> _How to complete this task_:
Each record must come back unchanged in your answer, stripped of its images.

> _Saved entries_:
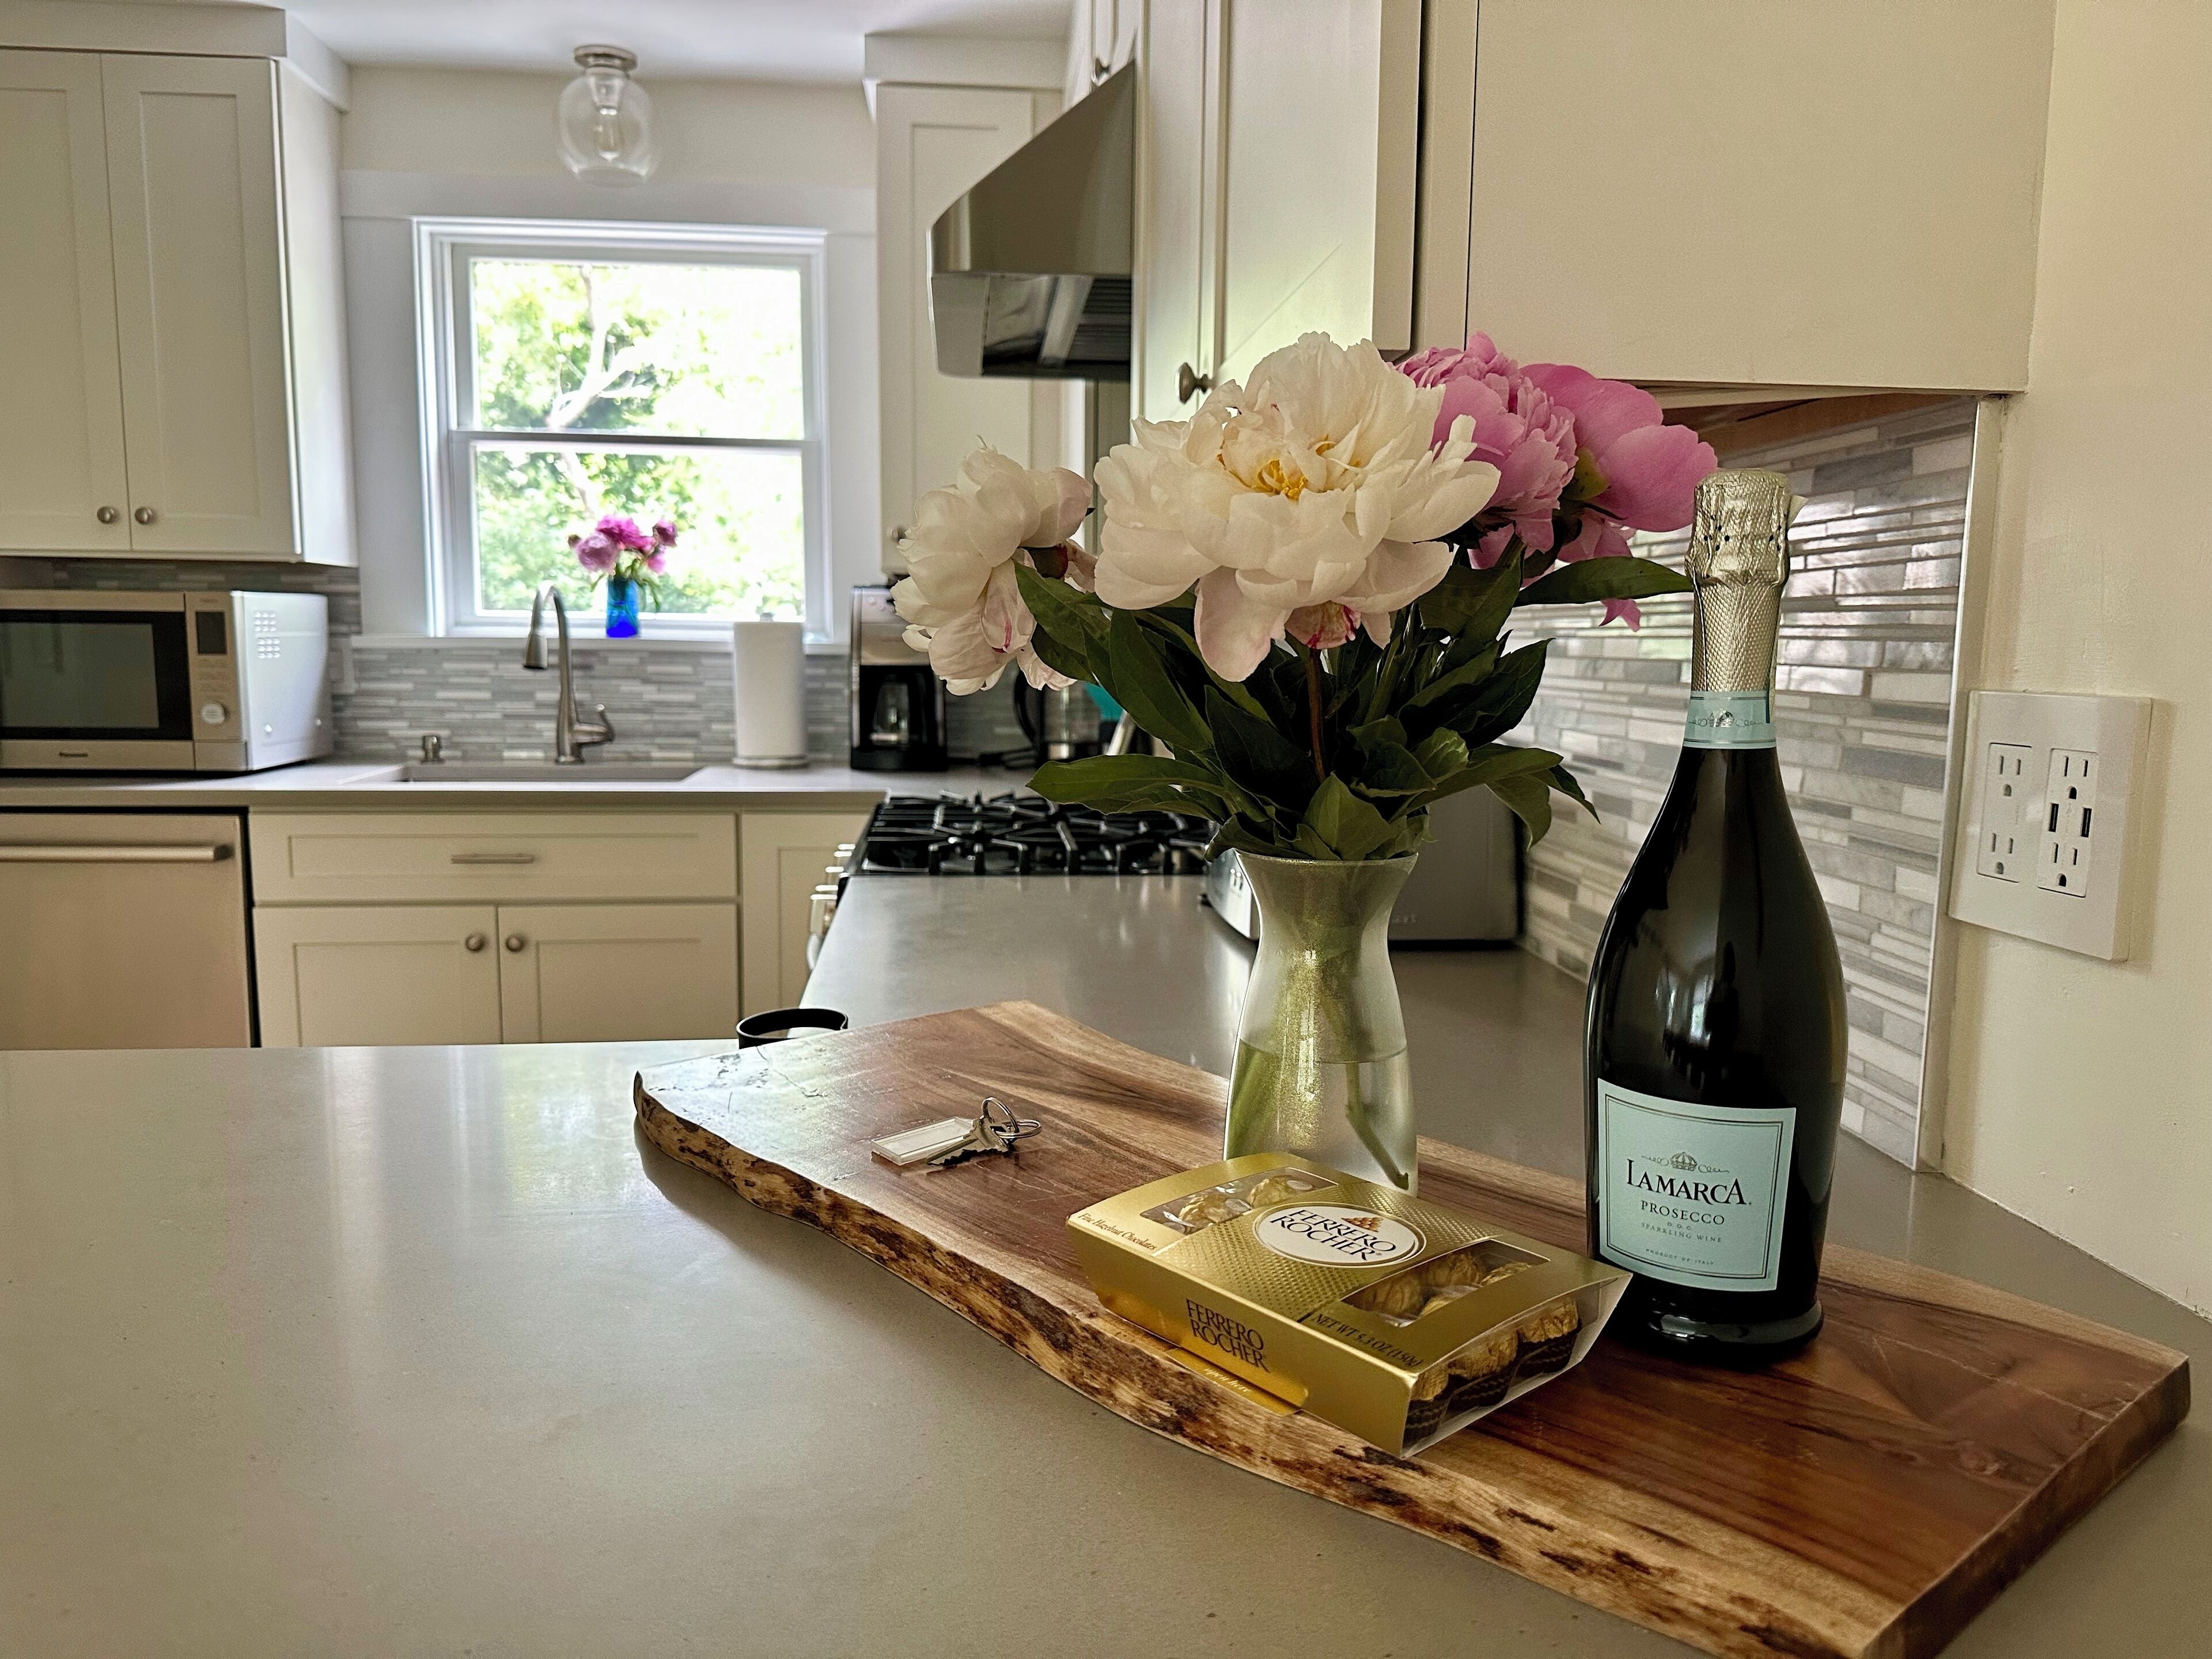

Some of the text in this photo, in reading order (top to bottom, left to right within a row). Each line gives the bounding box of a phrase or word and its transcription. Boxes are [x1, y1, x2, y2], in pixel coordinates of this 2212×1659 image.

[1289, 1210, 1396, 1252] FERRERO
[1641, 1200, 1725, 1225] PROSECCO
[1078, 1213, 1158, 1251] Fine Hazelnut Chocolates
[1641, 1222, 1722, 1243] SPARKLING WINE
[1646, 1248, 1677, 1260] PRODUCT
[1186, 1298, 1264, 1350] FERRERO
[1312, 1313, 1339, 1328] NET
[1336, 1323, 1359, 1336] WT
[1371, 1340, 1393, 1353] OZ
[1190, 1319, 1271, 1373] ROCHER
[1228, 1380, 1252, 1392] here

> _Answer to this task_:
Some of the text in this photo, in reading order (top to bottom, left to right within a row). Each line gives the bounding box of a phrase or word and its transcription. Boxes are [x1, y1, x2, y2], in pixel coordinates of this 2212×1659 image.

[1289, 1210, 1396, 1252] FERRERO
[1641, 1200, 1725, 1225] PROSECCO
[1078, 1213, 1158, 1251] Fine Hazelnut Chocolates
[1641, 1222, 1722, 1243] SPARKLING WINE
[1646, 1248, 1677, 1260] PRODUCT
[1186, 1298, 1264, 1350] FERRERO
[1312, 1313, 1339, 1328] NET
[1336, 1323, 1359, 1336] WT
[1371, 1340, 1393, 1353] OZ
[1190, 1319, 1271, 1373] ROCHER
[1228, 1380, 1252, 1392] here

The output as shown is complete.